A total of 915 participants with IS were enrolled, with an average age of 64.65 ± 14.06 years. Of these participants, 576 (63.0%) were men. Additionally, 294 (32.1%) patients developed SAP. The baseline characteristics of individuals with SAP and those without SAP are compared in Table 1. Participants who had SAP were older, had a higher prevalence of atrial fibrillation and coronary heart disease, and had a lower prevalence of complex hyperlipidemia. They also had higher dysphagia event, lower weight, BMI, hemoglobin, platelet count, lymphocyte count, albumin, and triglycerides, and higher admission temperature, systemic inflammation index (SII), WBC count, neutrophil count, D-dimer, fibrinogen, blood glucose, and blood urea nitrogen.

Table 1 Relationships between baseline clinical characteristics and stroke-associated pneumonia (SAP) in patients with ischemic stroke

Prevalence of malnutrition

According to the PNI, CONUT, and GNRI scores, 193 (21.1%), 495 (54.1%), and 148 (16.1%) malnourished patients were screened, respectively. Of these patients, 140 (15.3%), 449 (49.1%), and 57 (6.2%) patients, respectively, were classified into mild malnutrition; moreover, 53 (5.7%), 46 (5.0%), and 91 (10.0%) patients, respectively, classified into moderate or severe malnutrition.
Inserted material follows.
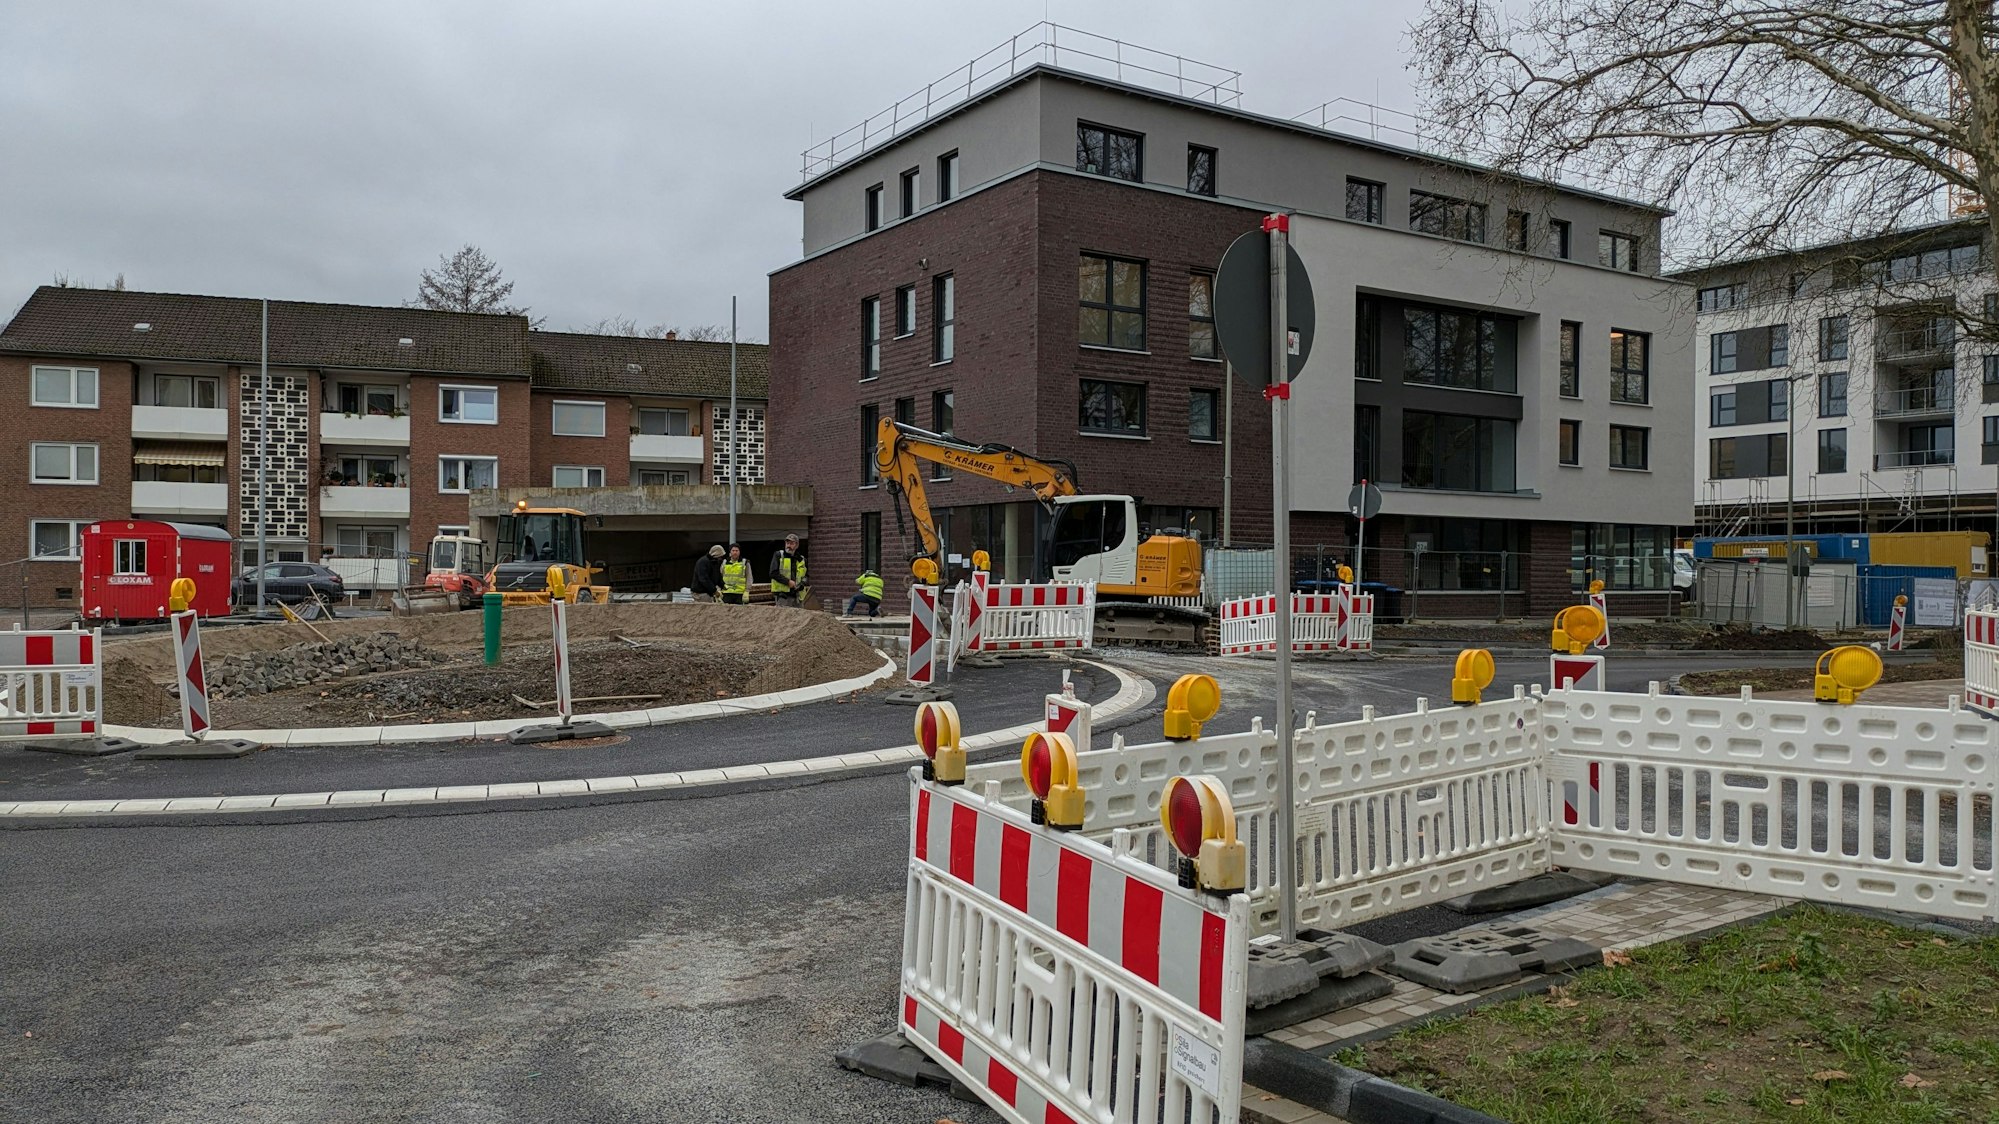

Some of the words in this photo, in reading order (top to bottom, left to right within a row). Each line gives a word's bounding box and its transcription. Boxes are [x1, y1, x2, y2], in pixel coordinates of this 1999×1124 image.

Malnutrition scores and SAP

Patients (moderate and severe vs. mild vs. absent) with worse malnutrition risk had a higher incidence of SAP (PNI, 73.6% vs. 54.3% vs. 24.8%, P < 0.001; CONUT, 76.1% vs. 37.6% vs. 21.4%, P < 0.001; GNRI, 61.4% vs. 51.6% vs. 27.6%, P < 0.001; Supplementary Fig. 1). Restricted cubic spline analyses demonstrated continuous relationships between each malnutrition score and the adjusted ORs for SAP (Fig. 2). After adjusting for demographic variables, physical examination, laboratory testing, and chronic medical conditions in the logistic regression model, patients with moderate or severe malnutrition risk according to PNI (OR = 4.071, 95% CI 1.853–8.943, P < 0.001), CONUT (OR = 6.006, 95% CI 2.438–14.795, P < 0.001), and GNRI (OR = 2.556, 95% CI 1.322–4.943 P = 0.005) had a significantly higher SAP risk than patients with normal nutrition (Table 2).

Fig. 2
figure 2

Adjusted hazard ratios (95% CI) of SAP outcome by linear splines of (A) PNI, (B) CONUT, and (C) GNRI with three same spacing knots. The solid line indicates the point estimate, and the shaded area is the 95% CI. Models were adjusted by age, sex, drinking, and smoking, body mass index (BMI), dysphagia, white blood cell count (WBC), and serum creatinine, diabetes, atrial fibrillation, hypertension, coronary heart disease, hyperlipidemia and NIHSS. Abbreviation: CONUT, controlling nutritional status score; GNRI, geriatric nutritional risk index; PNI, prognostic nutritional index; SAP, stroke-associated pneumonia

Table 2 Logistic regression analysis regarding correlations between three malnutrition indexes and stroke-associated pneumonia

In addition, patients with higher severity of malnutrition, assessed by PNI, CONUT, and GNRI score, had higher risk of hospitalization mortality (Supplementary Fig. 2); while only PNI, CONUT were associated with longer length of stay (Supplementary Fig. 3).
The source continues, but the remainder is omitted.